Requirement » The entries that follow must be written out exactly, without any of the pictures they contain.

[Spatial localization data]

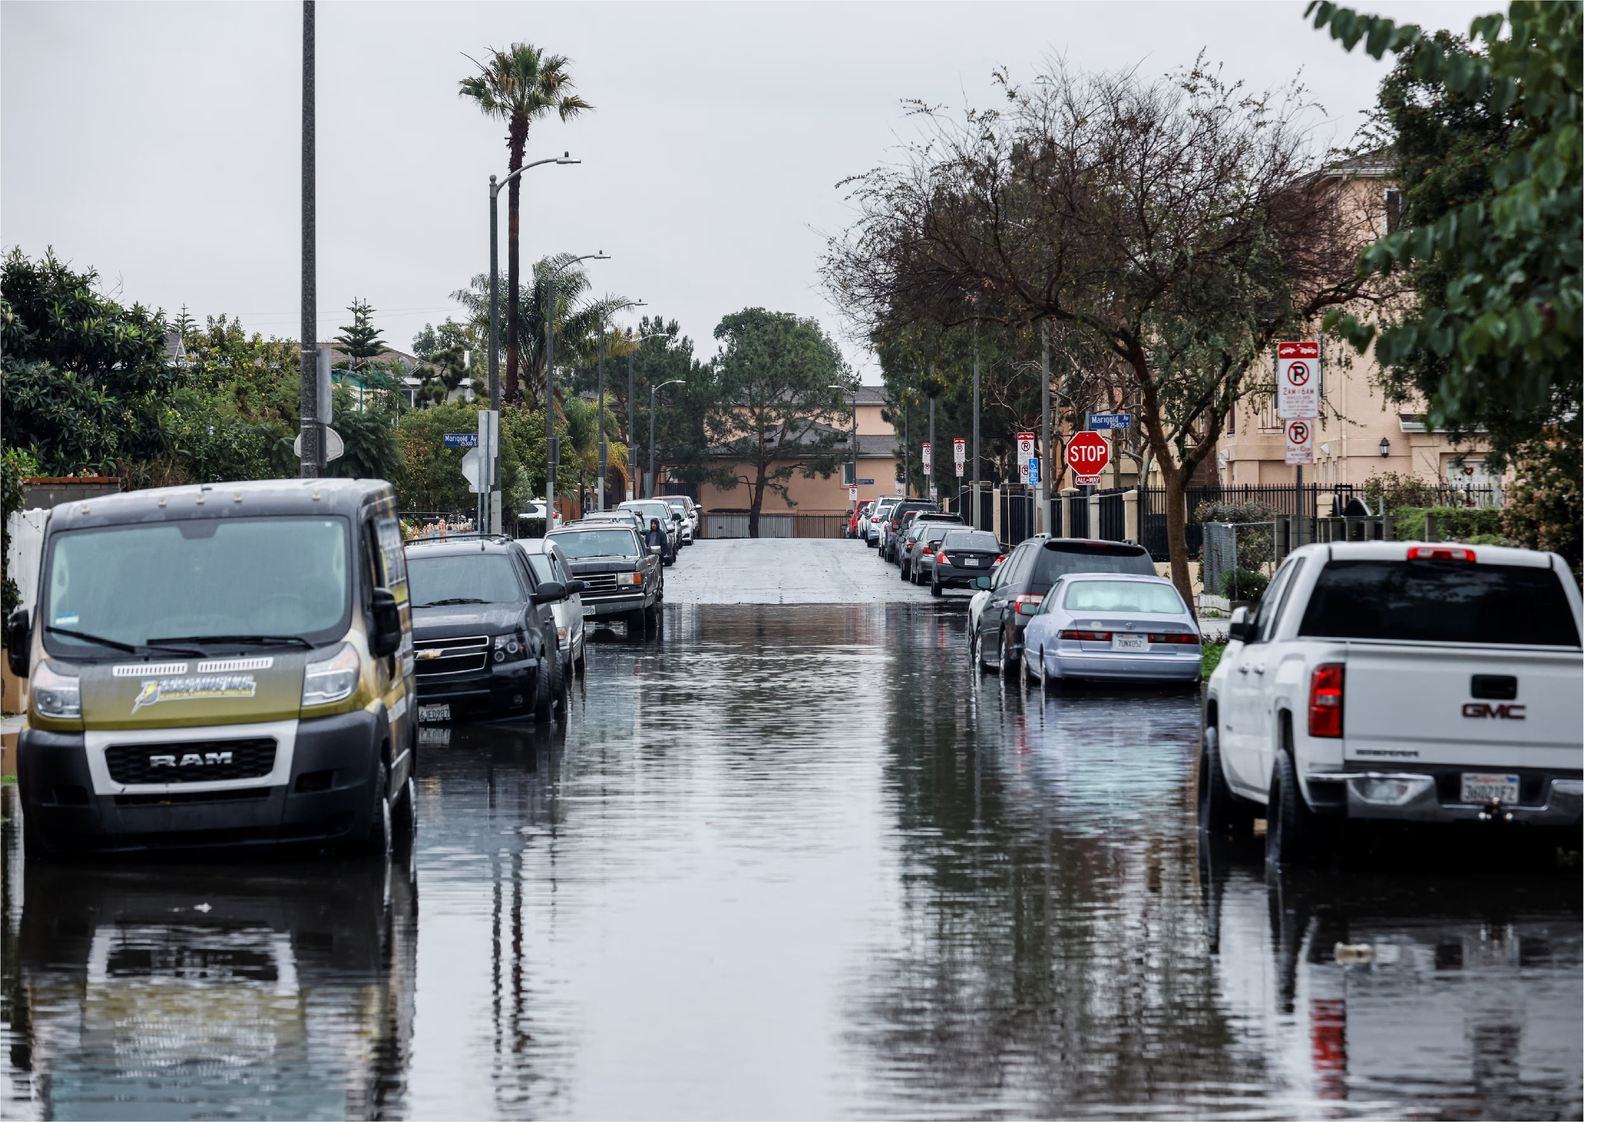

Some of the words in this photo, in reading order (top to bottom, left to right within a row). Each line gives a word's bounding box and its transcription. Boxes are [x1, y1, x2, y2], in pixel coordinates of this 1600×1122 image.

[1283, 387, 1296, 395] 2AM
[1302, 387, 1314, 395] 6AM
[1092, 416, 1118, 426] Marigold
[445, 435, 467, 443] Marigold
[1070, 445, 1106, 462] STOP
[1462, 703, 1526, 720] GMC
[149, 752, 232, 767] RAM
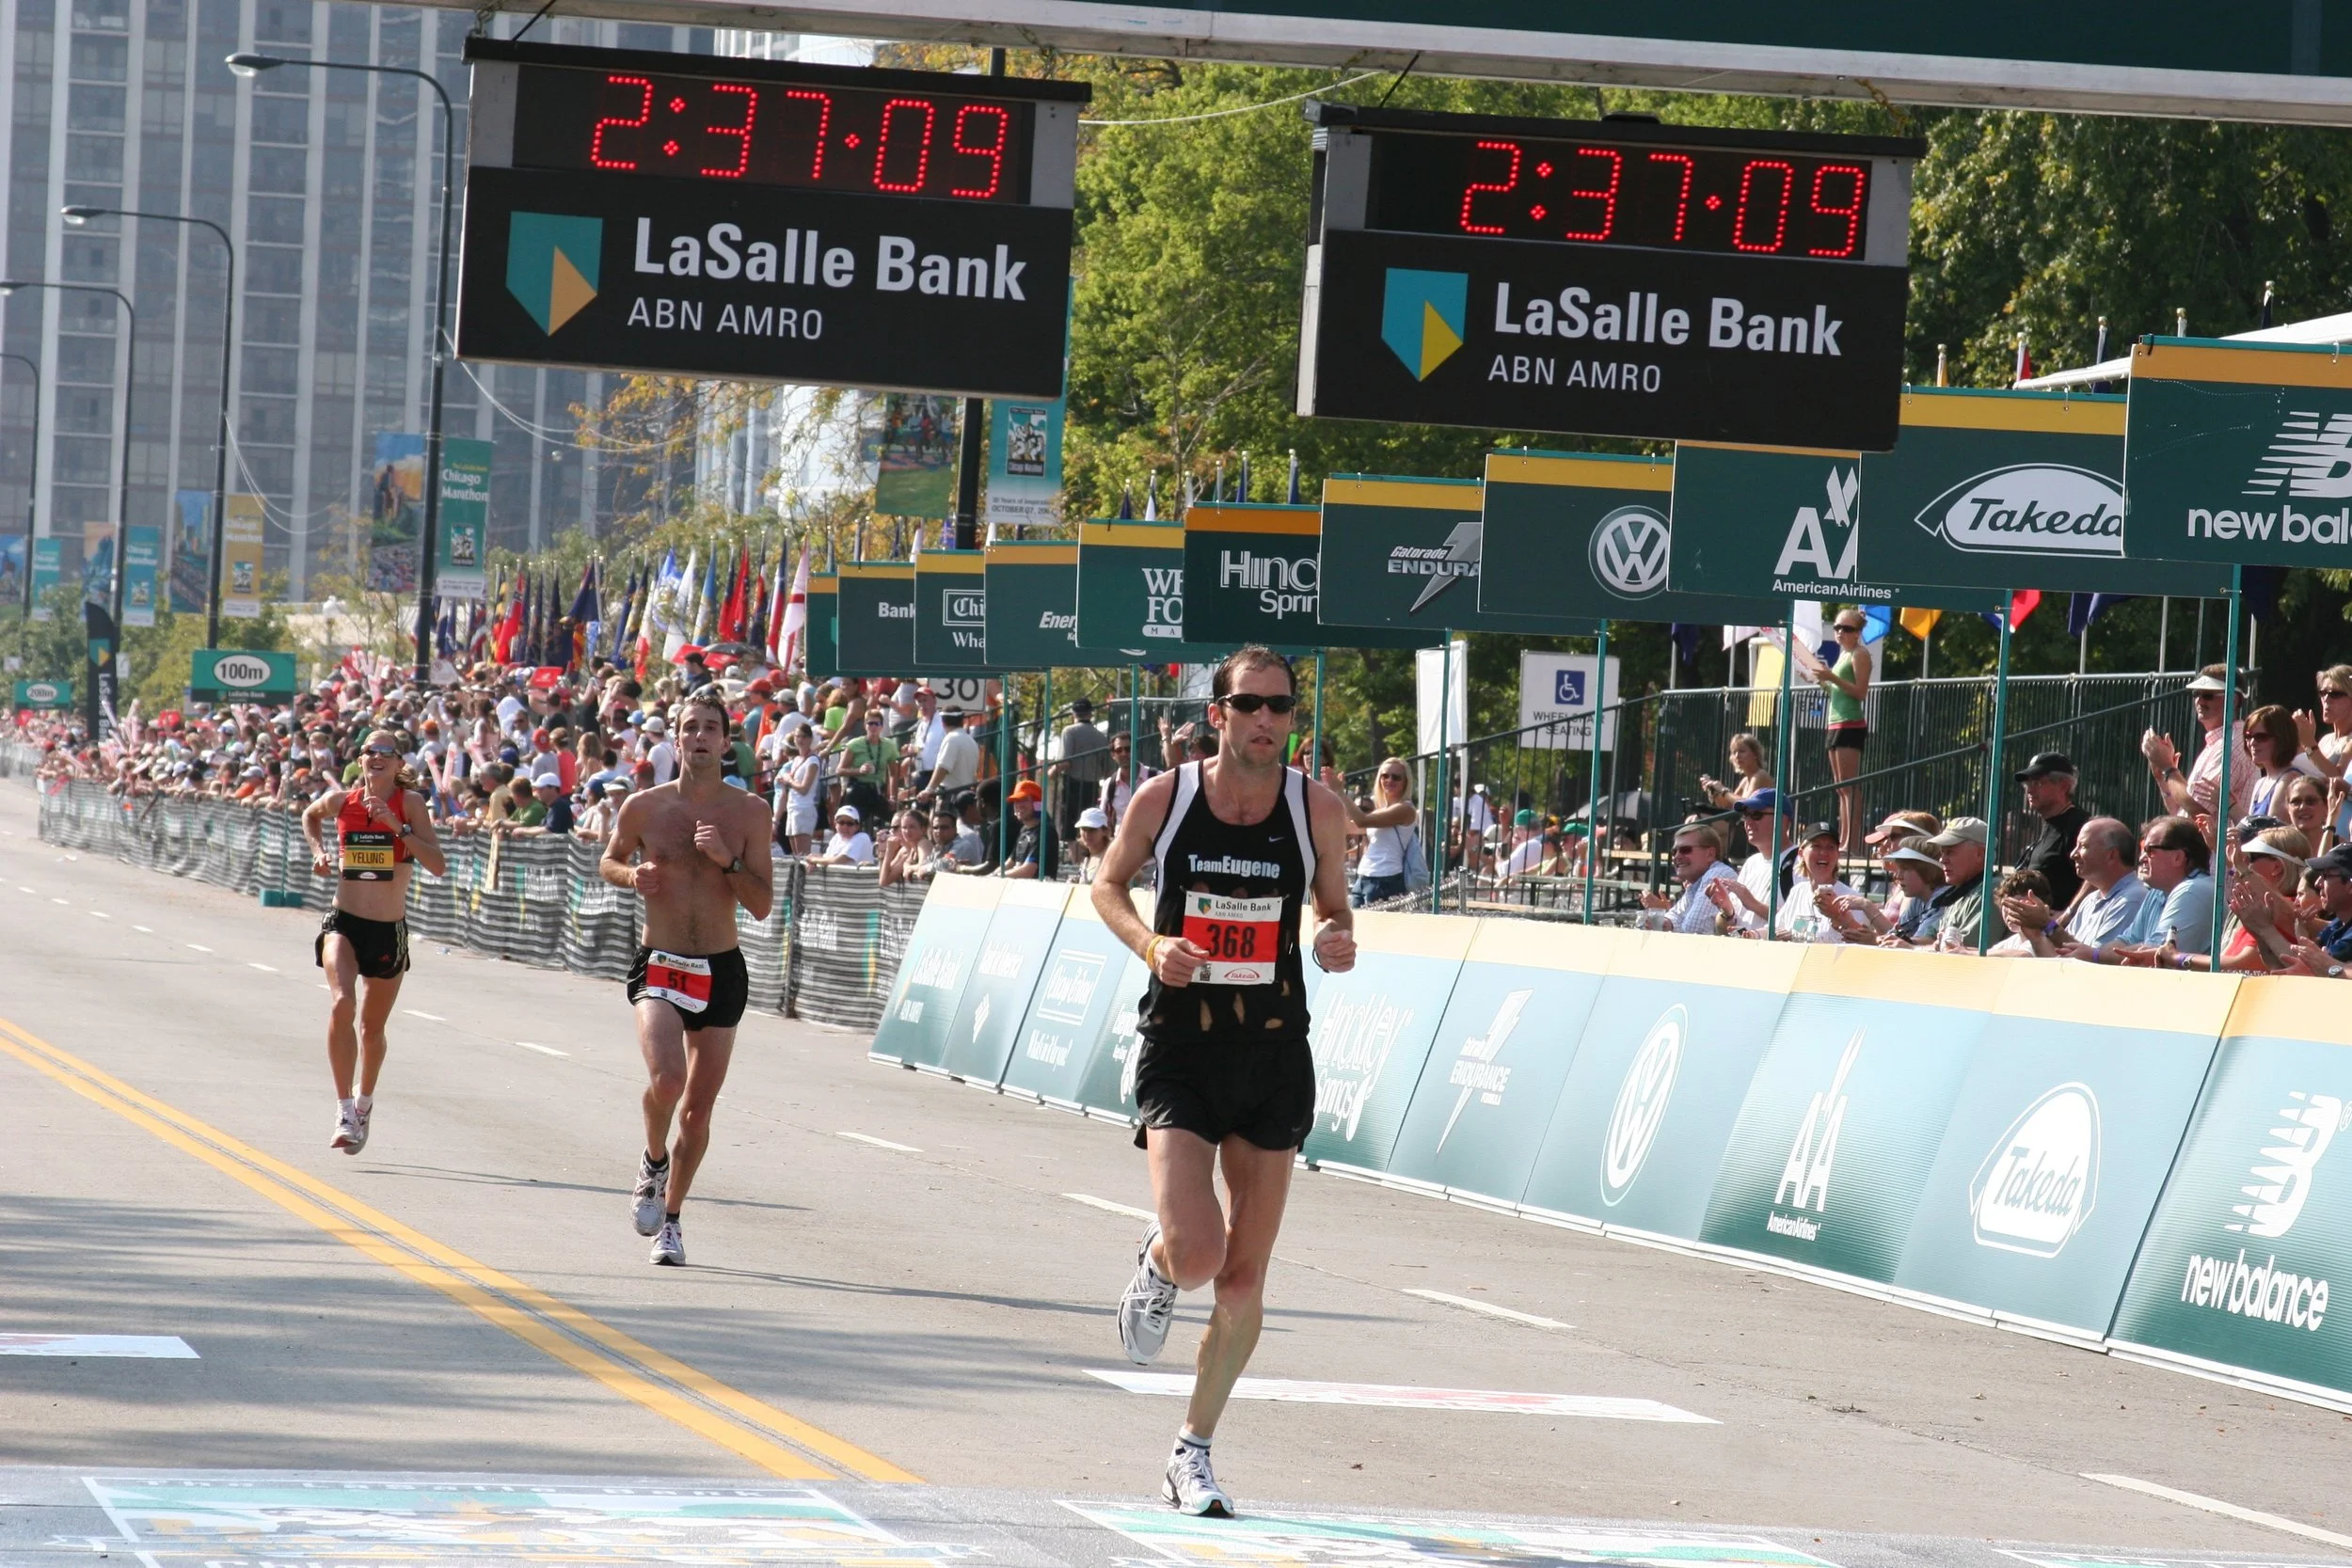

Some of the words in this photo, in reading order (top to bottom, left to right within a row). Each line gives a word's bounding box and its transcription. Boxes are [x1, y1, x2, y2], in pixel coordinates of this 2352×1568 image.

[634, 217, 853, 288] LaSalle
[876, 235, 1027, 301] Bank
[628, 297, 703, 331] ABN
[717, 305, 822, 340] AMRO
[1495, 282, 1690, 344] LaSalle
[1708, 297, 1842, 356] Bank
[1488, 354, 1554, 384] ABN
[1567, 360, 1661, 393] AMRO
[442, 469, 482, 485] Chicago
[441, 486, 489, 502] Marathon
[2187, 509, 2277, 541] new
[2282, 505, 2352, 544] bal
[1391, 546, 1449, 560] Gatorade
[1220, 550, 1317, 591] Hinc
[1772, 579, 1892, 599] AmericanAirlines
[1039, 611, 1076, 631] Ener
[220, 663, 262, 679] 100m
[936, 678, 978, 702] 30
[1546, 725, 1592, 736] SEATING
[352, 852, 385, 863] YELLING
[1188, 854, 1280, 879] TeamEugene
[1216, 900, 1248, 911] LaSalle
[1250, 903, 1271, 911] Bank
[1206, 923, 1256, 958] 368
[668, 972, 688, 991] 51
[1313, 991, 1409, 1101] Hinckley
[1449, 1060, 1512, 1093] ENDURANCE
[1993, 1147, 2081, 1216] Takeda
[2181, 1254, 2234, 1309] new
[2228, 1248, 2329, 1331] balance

Output below »
Some of the words in this photo, in reading order (top to bottom, left to right within a row). Each line gives a word's bounding box and its transcription. Boxes are [x1, y1, x2, y2], in pixel coordinates of this 1600×1122 image.

[1283, 387, 1296, 395] 2AM
[1302, 387, 1314, 395] 6AM
[1092, 416, 1118, 426] Marigold
[445, 435, 467, 443] Marigold
[1070, 445, 1106, 462] STOP
[1462, 703, 1526, 720] GMC
[149, 752, 232, 767] RAM

Some of the words in this photo, in reading order (top to bottom, left to right within a row). Each line gives a word's bounding box and its transcription. Boxes are [x1, y1, x2, y2], in pixel coordinates of this 2352×1568 image.

[634, 217, 853, 288] LaSalle
[876, 235, 1027, 301] Bank
[628, 297, 703, 331] ABN
[717, 305, 822, 340] AMRO
[1495, 282, 1690, 344] LaSalle
[1708, 297, 1842, 356] Bank
[1488, 354, 1554, 384] ABN
[1567, 360, 1661, 393] AMRO
[442, 469, 482, 485] Chicago
[441, 486, 489, 502] Marathon
[2187, 509, 2277, 541] new
[2282, 505, 2352, 544] bal
[1391, 546, 1449, 560] Gatorade
[1220, 550, 1317, 591] Hinc
[1772, 579, 1892, 599] AmericanAirlines
[1039, 611, 1076, 631] Ener
[220, 663, 262, 679] 100m
[936, 678, 978, 702] 30
[1546, 725, 1592, 736] SEATING
[352, 852, 385, 863] YELLING
[1188, 854, 1280, 879] TeamEugene
[1216, 900, 1248, 911] LaSalle
[1250, 903, 1271, 911] Bank
[1206, 923, 1256, 958] 368
[668, 972, 688, 991] 51
[1313, 991, 1409, 1101] Hinckley
[1449, 1060, 1512, 1093] ENDURANCE
[1993, 1147, 2081, 1216] Takeda
[2181, 1254, 2234, 1309] new
[2228, 1248, 2329, 1331] balance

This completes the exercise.